The case began in 2007, after Knox moved to Perugia to study at the University for Foreigners of Perugia for one year
Knox, then 20, shared a room with British student Kercher, 21.
That November, Kercher's semi-naked body was found at the home, with her throat slashed.
Police arrested Knox and Sollecito, who was her boyfriend at the time.
Two years later they were convicted of murder, but were cleared when they appealed the verdicts in 2011.
Another man, Ivorian drifter Rudy Guede, was convicted separately of Kercher's killing.
Guede admitted having sexual relations with Kercher but denied killing her.

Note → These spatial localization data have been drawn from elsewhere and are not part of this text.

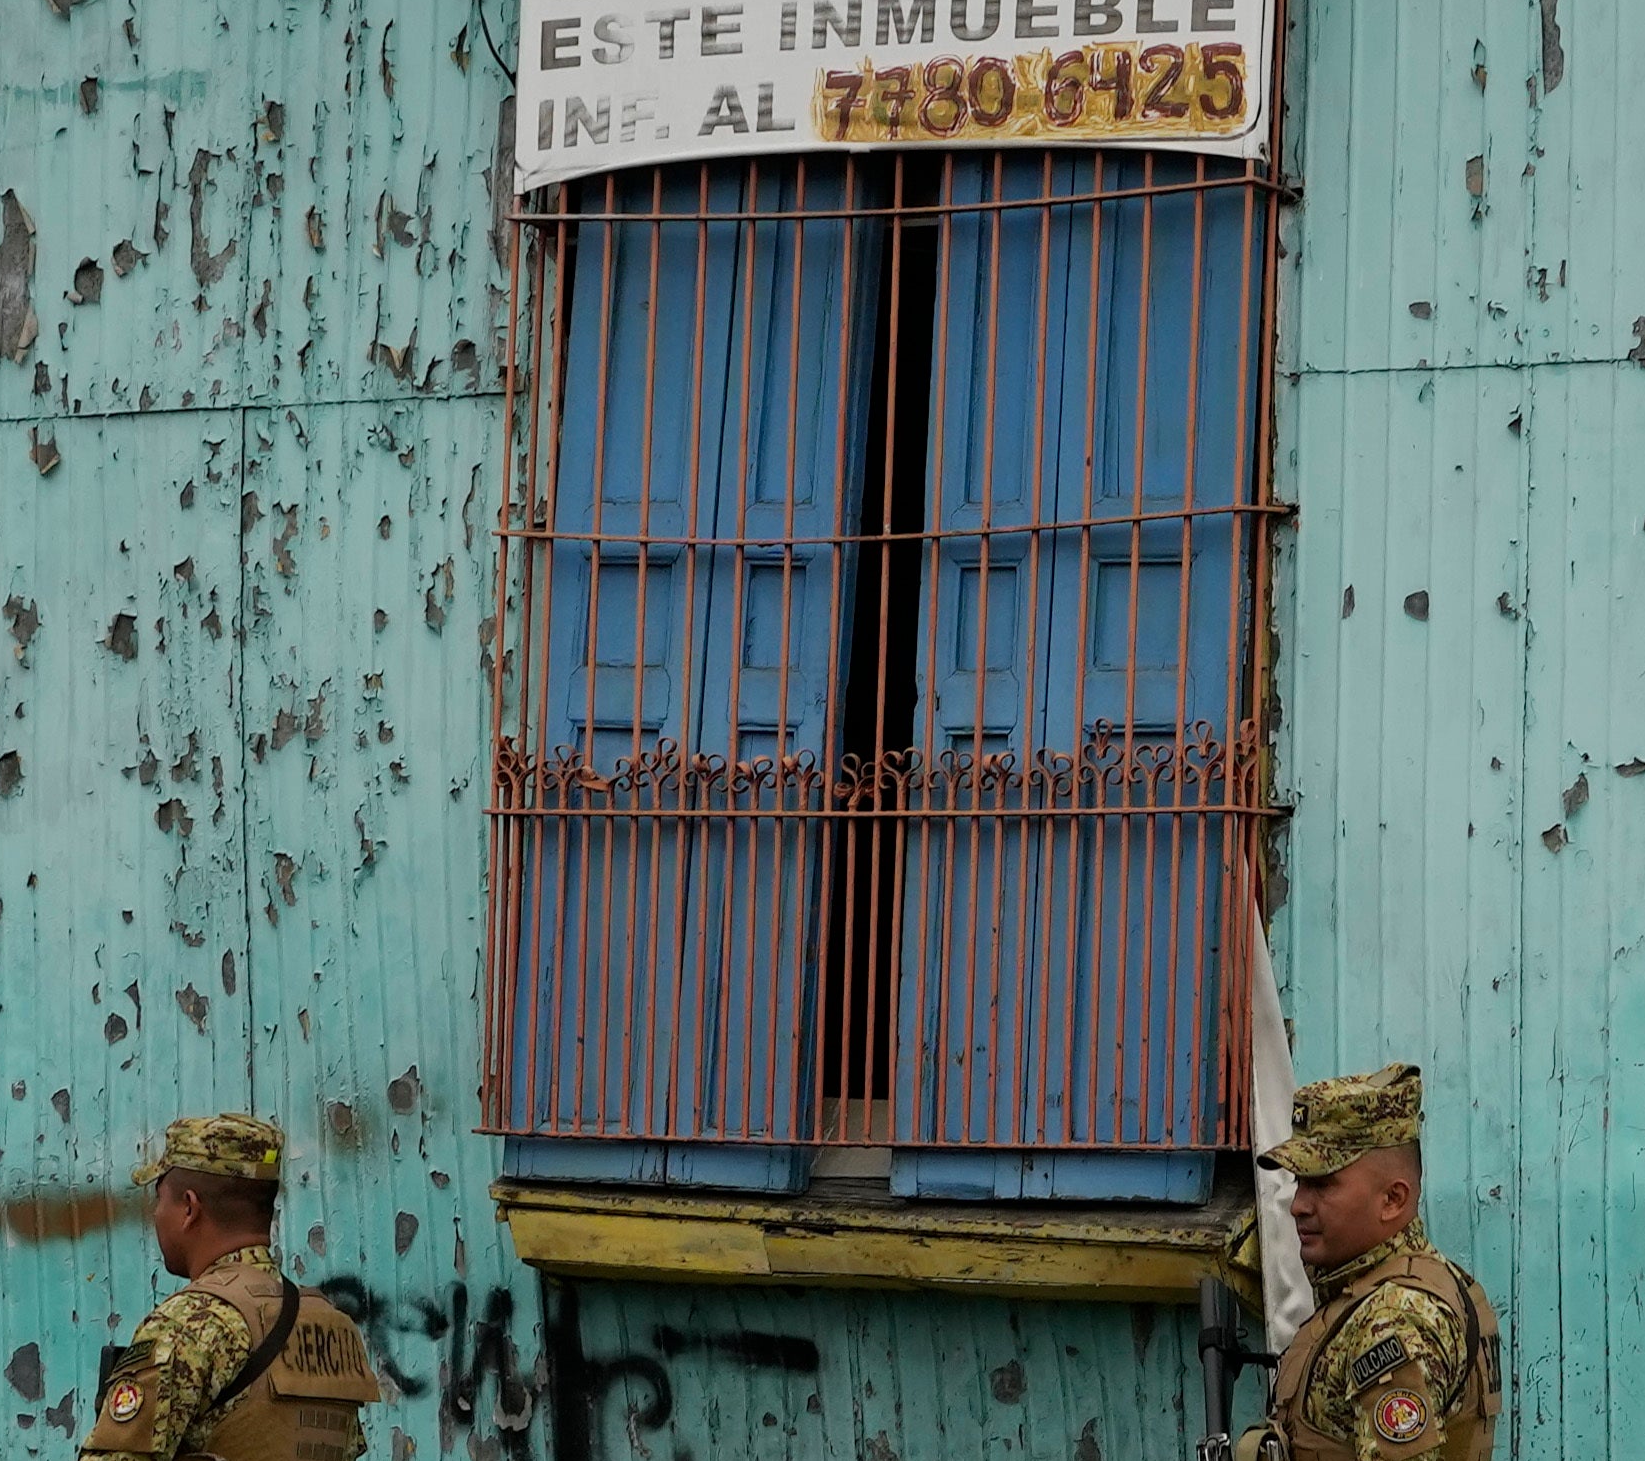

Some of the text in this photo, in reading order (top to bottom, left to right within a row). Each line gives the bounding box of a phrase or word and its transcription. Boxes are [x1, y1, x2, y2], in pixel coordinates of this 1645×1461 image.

[540, 4, 745, 71] ESTE
[537, 93, 670, 151] INF.
[697, 81, 796, 137] AL
[1352, 1338, 1402, 1382] VULCANO
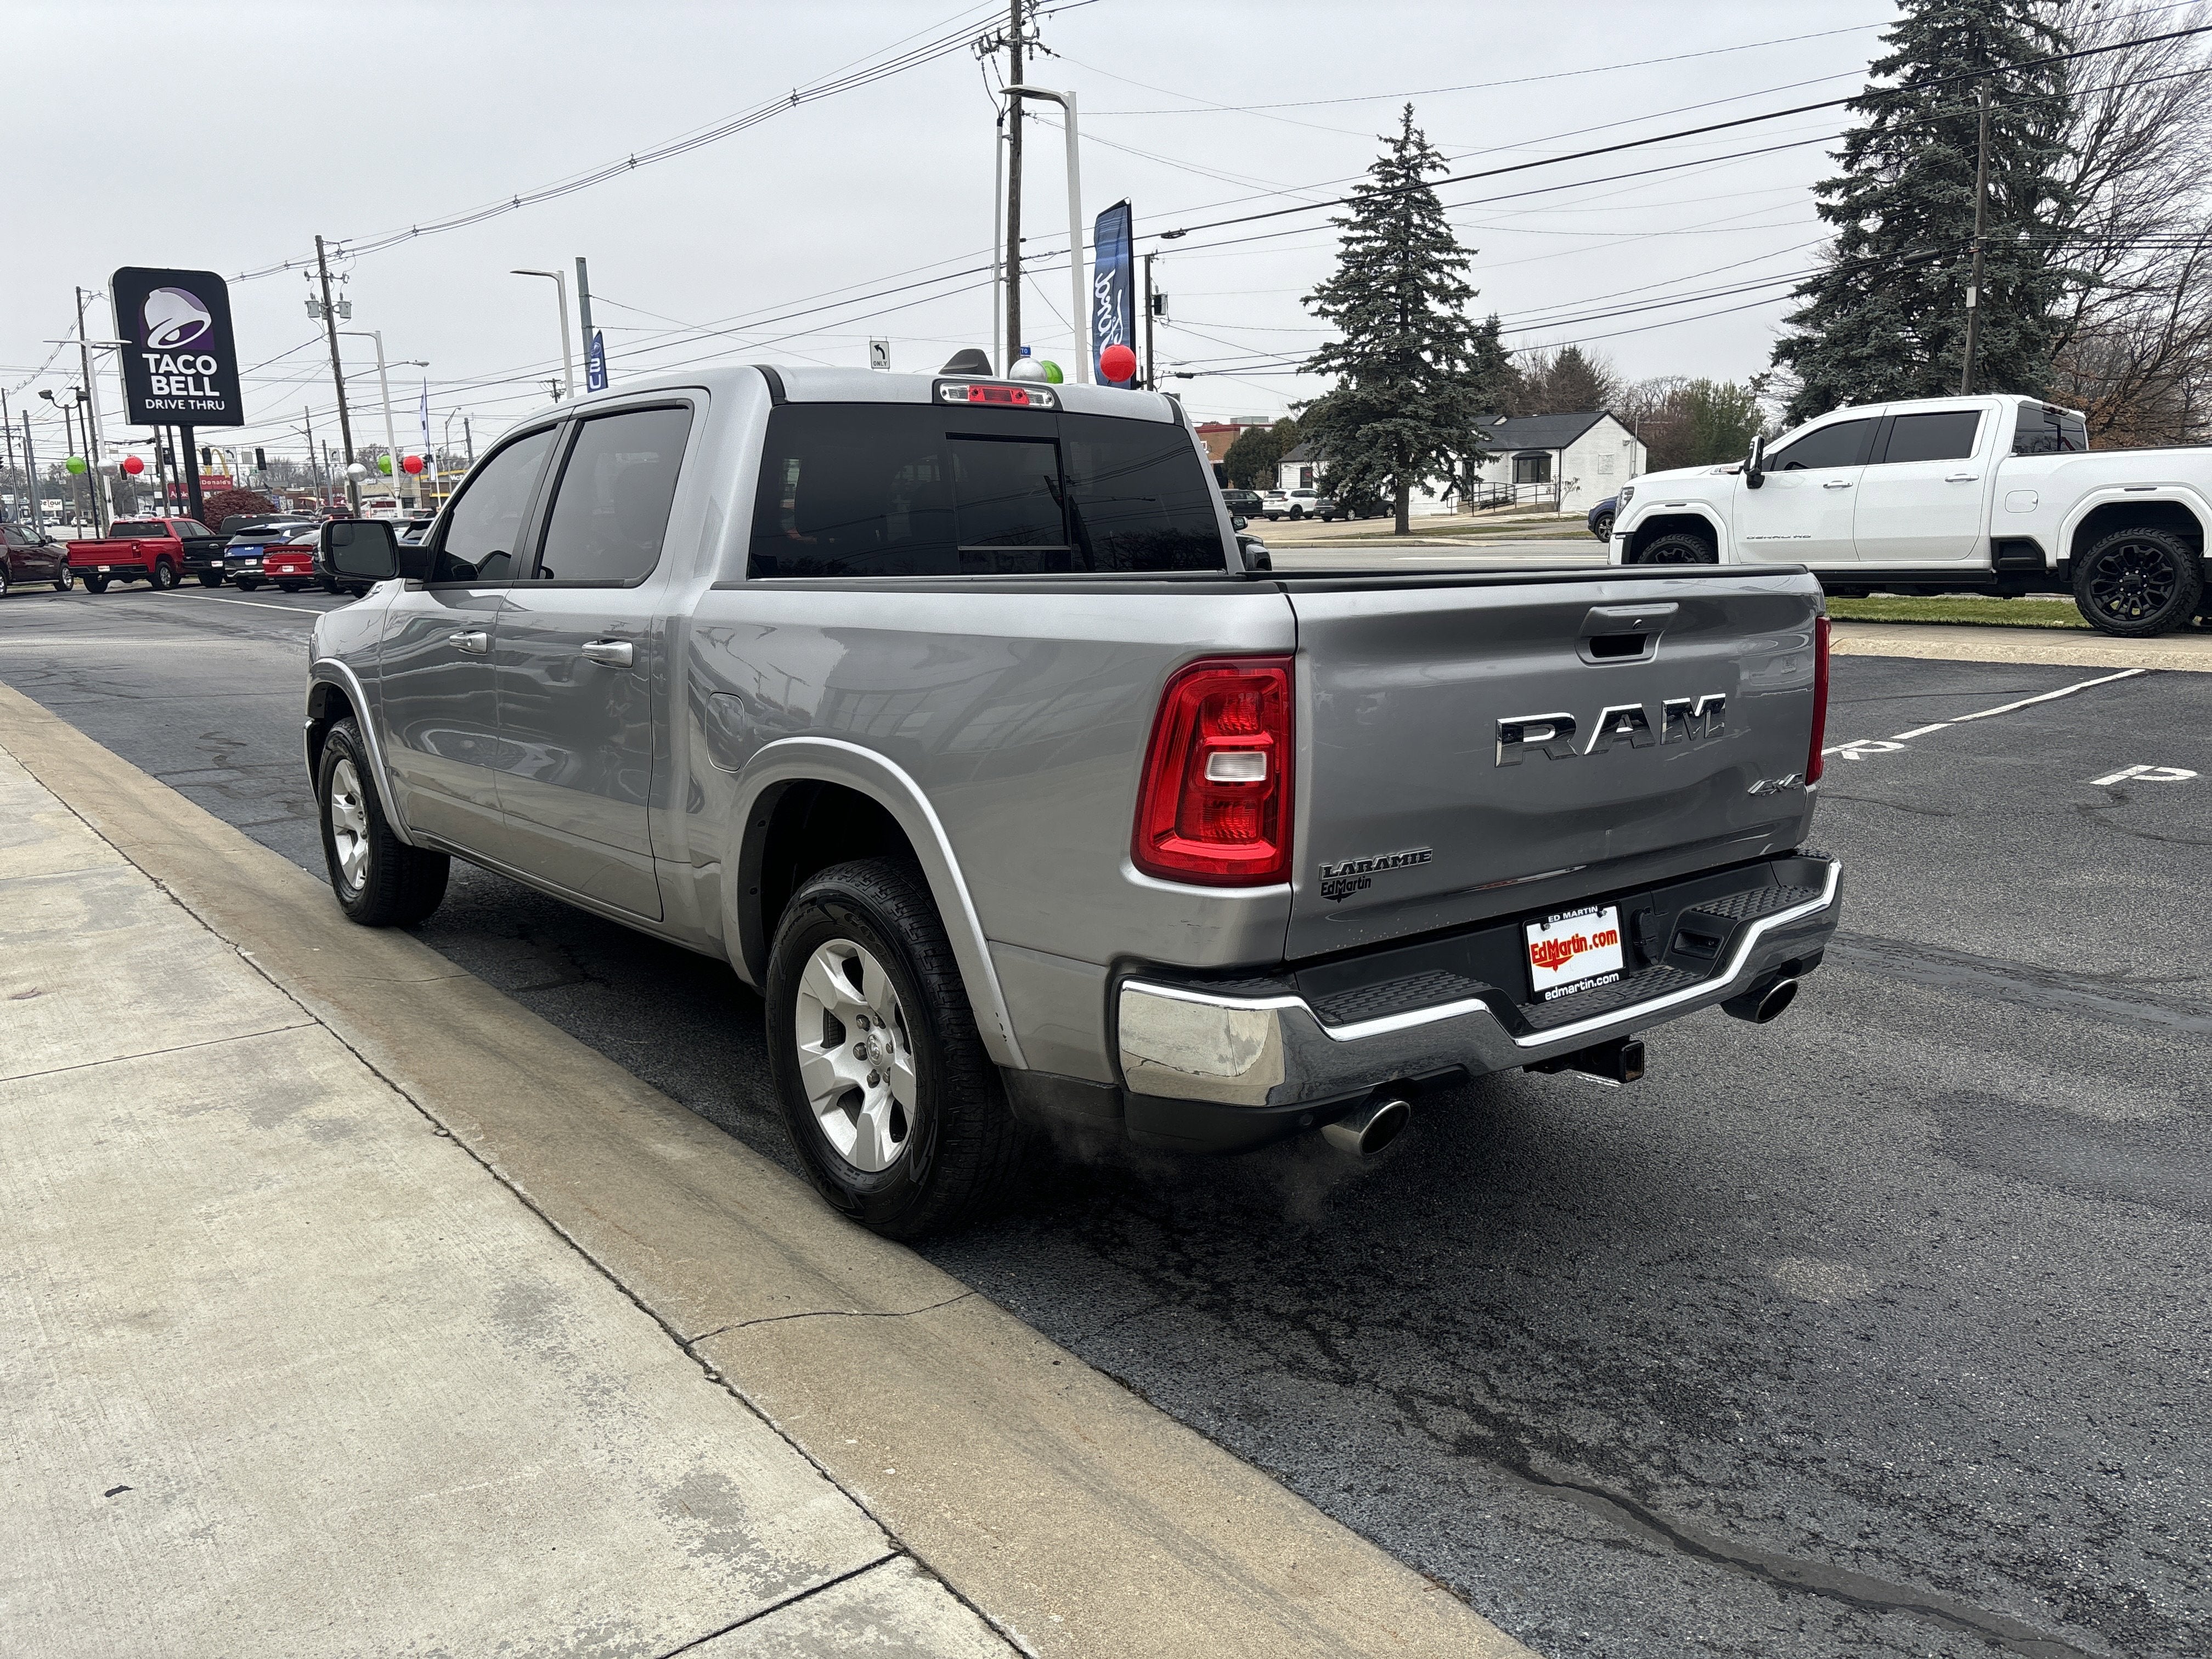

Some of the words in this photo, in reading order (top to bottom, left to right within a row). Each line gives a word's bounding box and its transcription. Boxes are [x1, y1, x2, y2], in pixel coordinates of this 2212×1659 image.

[142, 353, 217, 375] TACO
[151, 375, 220, 397] BELL
[145, 399, 186, 410] DRIVE
[188, 399, 225, 410] THRU
[1494, 693, 1726, 768] RAM
[2089, 765, 2198, 786] P
[1319, 848, 1434, 880] LARAMIE
[1321, 876, 1372, 896] EdMartin
[1548, 915, 1561, 923] ED
[1562, 906, 1599, 919] MARTIN
[1530, 929, 1618, 964] EdMartin.com
[1544, 973, 1620, 1001] edmartin.com
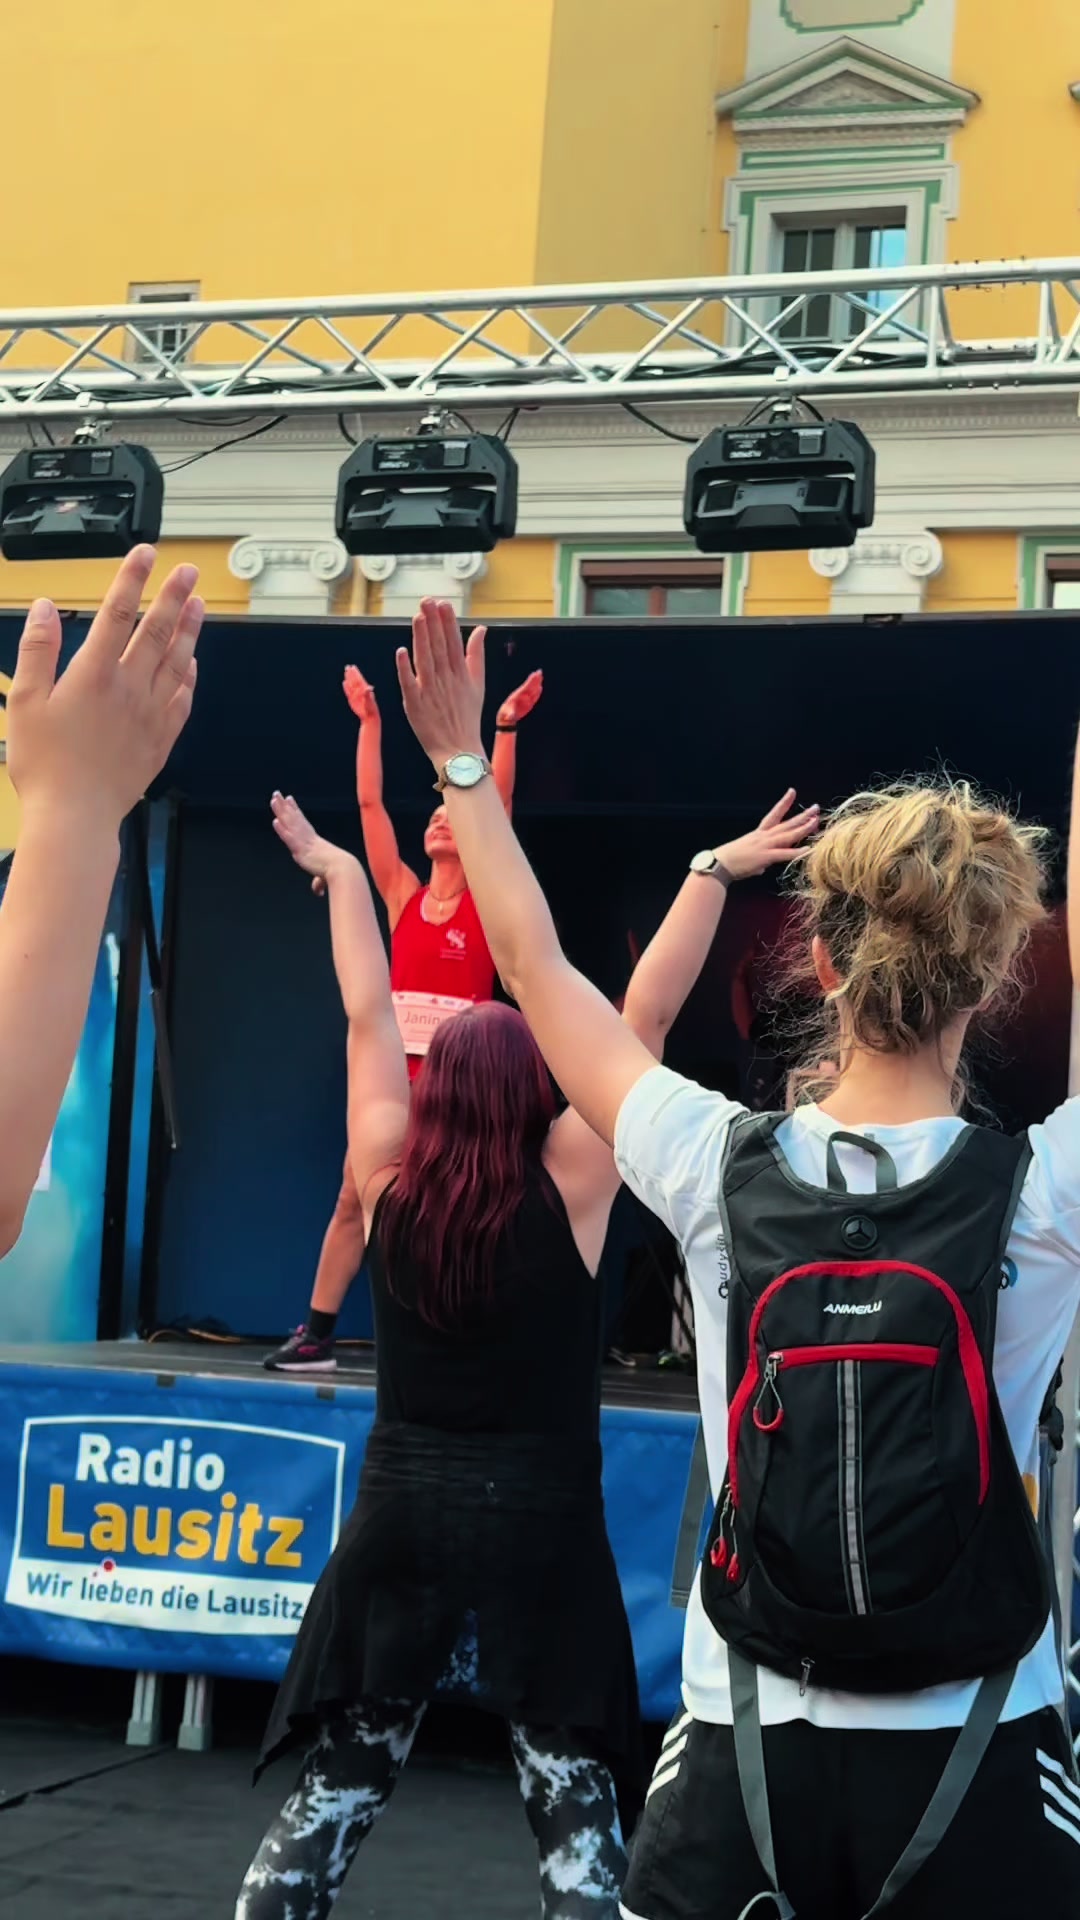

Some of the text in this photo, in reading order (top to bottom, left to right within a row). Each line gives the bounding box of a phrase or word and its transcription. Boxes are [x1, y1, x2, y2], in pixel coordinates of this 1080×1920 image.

In legal paperwork published in December 2011, the judge in the case wrote that the jury had cleared the pair of murder for lack of evidence proving they were guilty.
Knox's family said last year the appeal was unwelcome, but no cause for concern.
"The appeal of Amanda's acquittal by the prosecution was not unexpected as they had indicated from the day of the verdict that they would appeal," a family statement in February 2012 said.
Knox has spent the last year and a half trying to resume a normal life, studying at the University of Washington in Seattle, her hometown.
She has written a book on her ordeal, titled "Waiting to be Heard," which will be published next month.
Francesco Sollecito, father of Raffaele, told CNN in a phone interview last year that the family was "not happy about the decision (to appeal). My son is trying to get back to normal life."
"We can do very little in this situation," he said, but as Italian citizens, they would have to accept the court's decision.
"We hope that the high court will finally put the words 'the end' to this story."